A. Not me – my boss.
If you speak to people about what is impeding innovation in their organizations you often encounter a paradox. Senior managers feel frustrated that their people are complacent; they are not showing initiative or enterprise. Mid-level managers and support staff feel upset that they are micromanaged, that they are not empowered to try out their own ideas and that their managers stop them from challenging the established way of doing things. Both groups blame the other for the company's problems.
Who is really at fault? Middle managers may block new proposals, but the real problem lies with the leaders. It is easy for company leaders to make visionary statements that include all the right words about the importance of innovation, change, enterprise and risk. Unless, however, they back up the words with actions they will be seen as paying lip service to innovation and not having the will to make it happen.

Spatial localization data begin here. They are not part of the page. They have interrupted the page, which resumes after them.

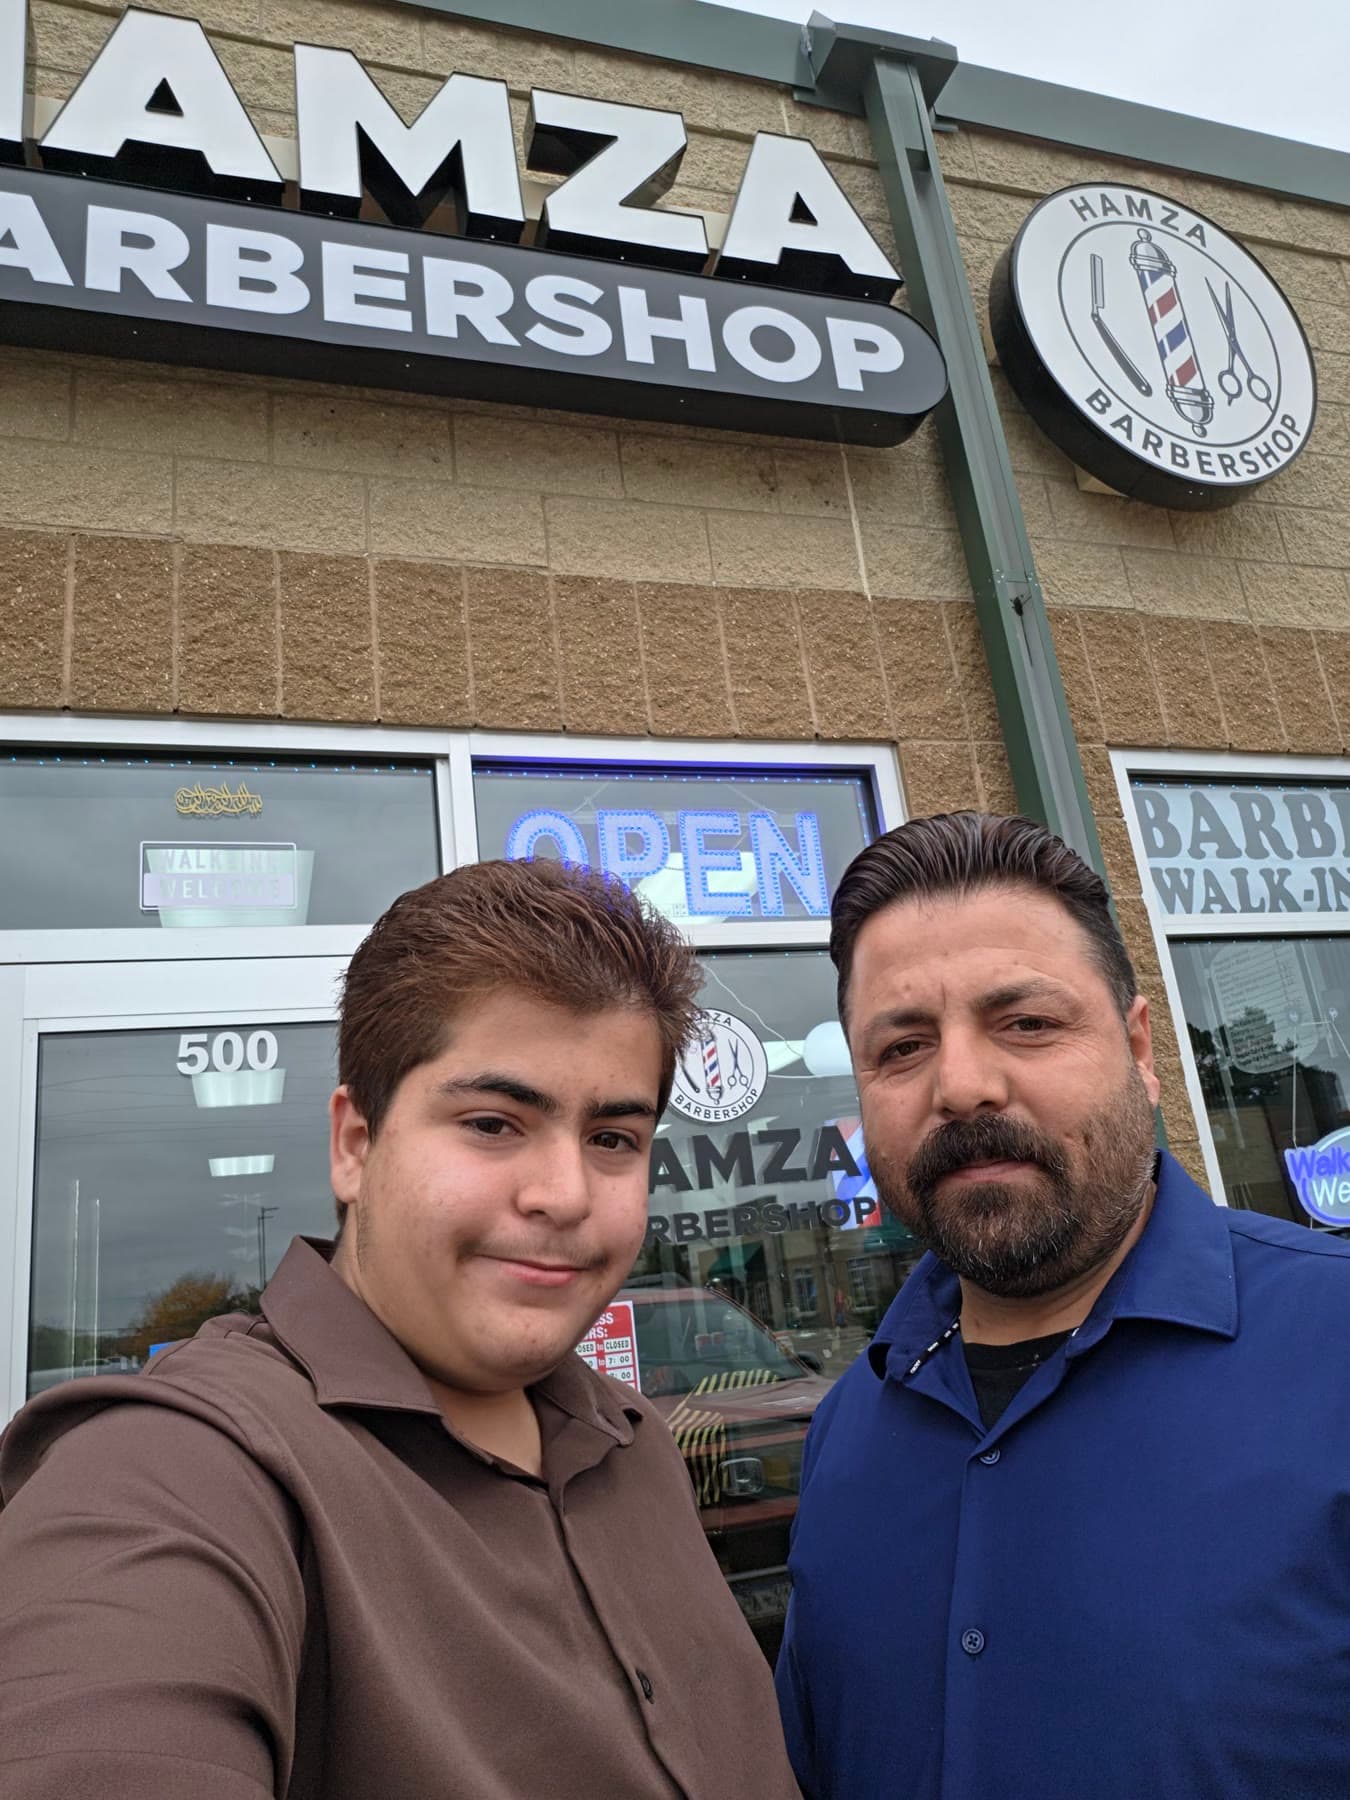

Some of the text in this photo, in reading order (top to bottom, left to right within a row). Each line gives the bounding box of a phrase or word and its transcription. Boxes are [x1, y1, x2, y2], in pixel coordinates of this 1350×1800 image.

[0, 0, 905, 281] AMZA
[1069, 193, 1207, 248] HAMZA
[1085, 388, 1301, 477] BARBERSHOP
[176, 1030, 278, 1075] 500
[674, 1089, 758, 1119] BARBERSHOP
[605, 1339, 630, 1350] CLOSED
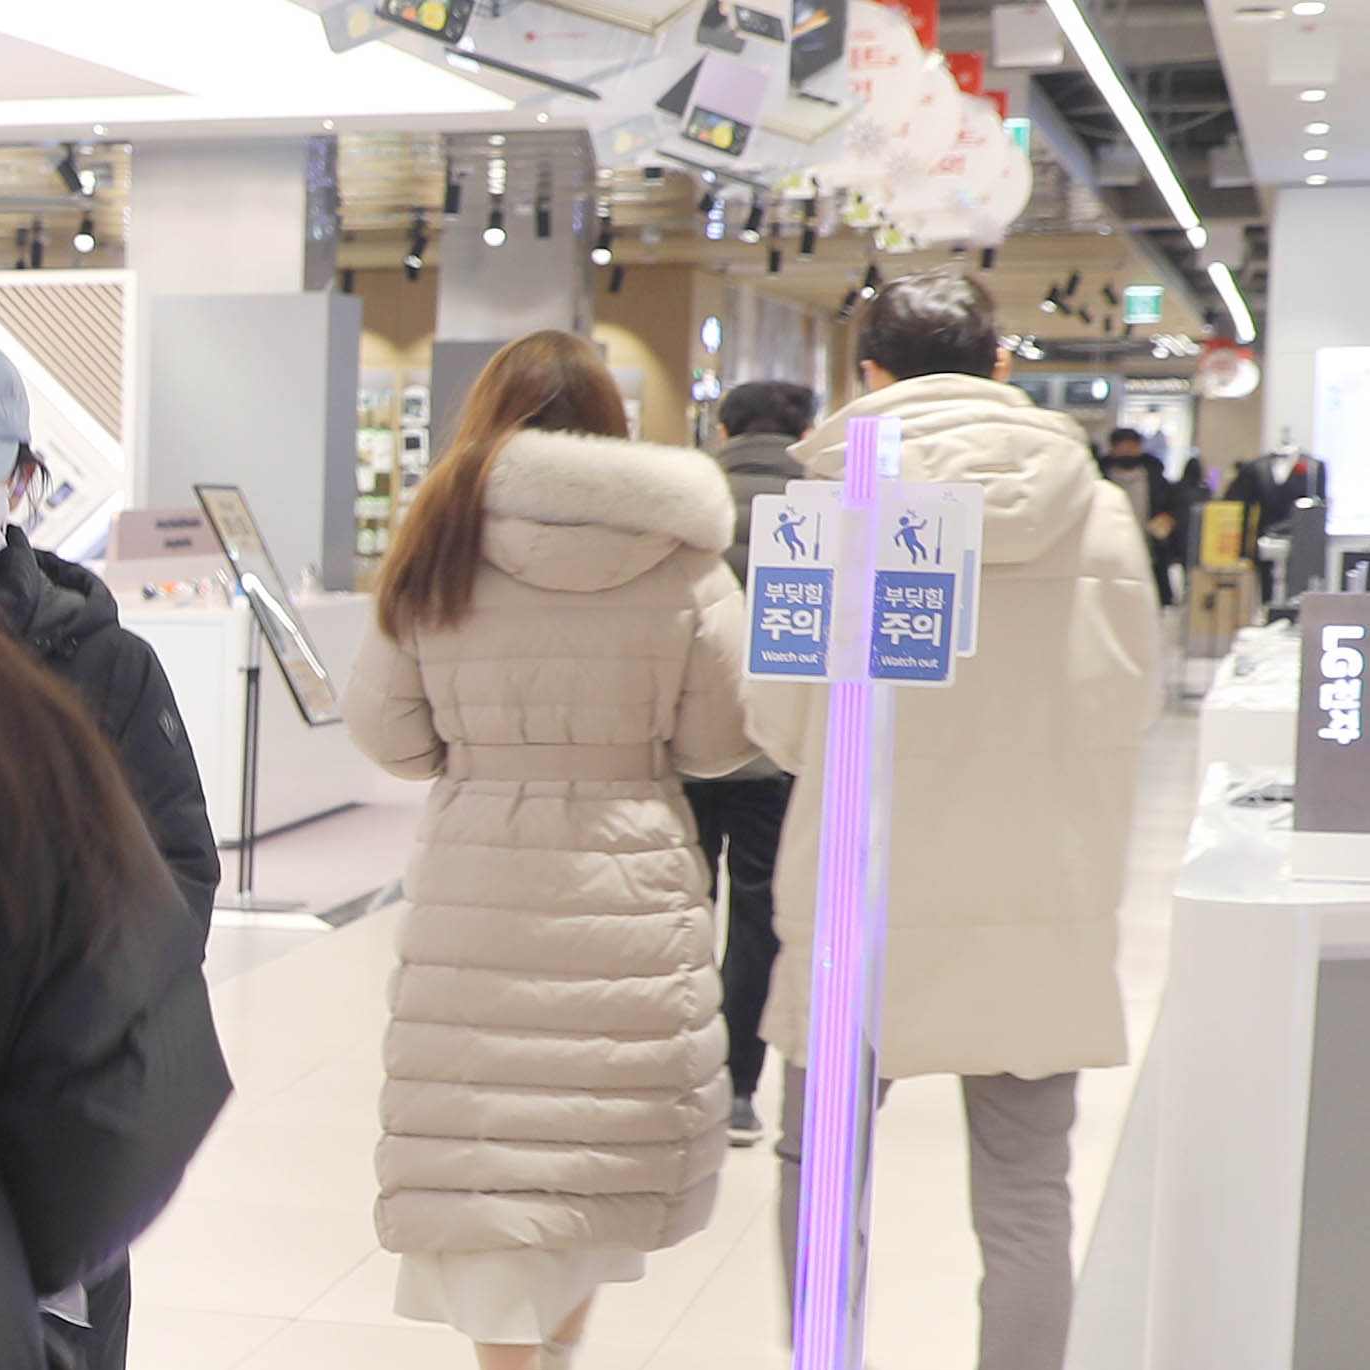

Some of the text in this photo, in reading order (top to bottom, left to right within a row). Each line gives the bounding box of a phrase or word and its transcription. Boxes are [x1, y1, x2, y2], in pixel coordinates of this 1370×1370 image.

[764, 582, 823, 606] 부딪힘
[883, 586, 945, 610] 부딪힘
[760, 608, 823, 643] 주의
[880, 613, 942, 648] 주의
[761, 650, 820, 665] Watch out
[880, 655, 939, 670] Watch out

A recent survey on idea receptiveness shows that people consider themselves to be open to new ideas but consider their bosses to be closed. Whereas only 4 percent of respondents thought they would not consider outside ideas, fully 31 percent thought that their bosses would not. According to the survey, bosses are much more likely to claim the credit for outsiders' ideas and more likely to reject challenging questions or suggestions than are the respondents.
What does this mean? One possibility is that only reactionary diehards are promoted. A more likely hypothesis is that we are critical of our boss's behaviour but that we have a blind spot for the same failings in ourselves. What the survey says about us is more telling than what it says about our managers. We think of ourselves as open-minded and receptive, but maybe this is not the case. What if we are just as bad as the managers but fail to see it?

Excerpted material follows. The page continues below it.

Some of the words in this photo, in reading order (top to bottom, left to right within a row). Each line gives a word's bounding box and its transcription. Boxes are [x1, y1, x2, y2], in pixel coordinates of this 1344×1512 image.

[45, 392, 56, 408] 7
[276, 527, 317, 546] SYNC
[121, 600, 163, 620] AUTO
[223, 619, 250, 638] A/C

How can leaders become more receptive and more open to challenging ideas? How can we create a climate that empowers people, allows risk-taking and encourages innovation? The following are some pointers that any current and future manager should absorb.
- Listen more and tell less. We are all in a terrible hurry, but if leaders swiftly dismiss the complaints, suggestions and ideas of their people and tell them to focus on the task in hand, they send many negative signals and discourage initiative. If leaders spend time carefully listening to people's objections and proposals they are likely to uncover the real issues and find useful ideas.
- Recognise risk-takers. If an employee comes up with a good idea that you implement then make a fuss of them. Praise and recognise them in front of the crowd. Send a message that challenging the way things are done is welcomed.
- Reward failure. If a staff member makes an honest attempt to try something new and different and fails, do not chastise or blame them. Recognise their endeavour and see what lessons can be learned. Nothing crushes enterprise like a fear of failure. If a company is going to succeed with innovation employees are going to have quite a few failures along the way – welcome and manage them.
- Ask for suggestions. Throw down a challenge. Explain the goal you are trying to achieve and ask people for their input and ideas. Encourage a free flow of ideas. Suspend judgment during the idea generation phase. Evaluate the best proposals and implement them.
- Set innovation goals. Define metrics for innovation and include them in a balanced scorecard. These metrics may include the number of ideas generated, the number of prototypes in trial, the proportion of revenue from new products or the meantime between idea evaluation and implementation. People do what gets measured, so measure innovation.
- Invest in training. Train your people in how to generate, evaluate and implement ideas.
- Borrow with pride. Observe other organizations and copy their best practices. Establish a policy for sourcing innovations from outside your business. Establish links with universities, business networks and other successful organizations.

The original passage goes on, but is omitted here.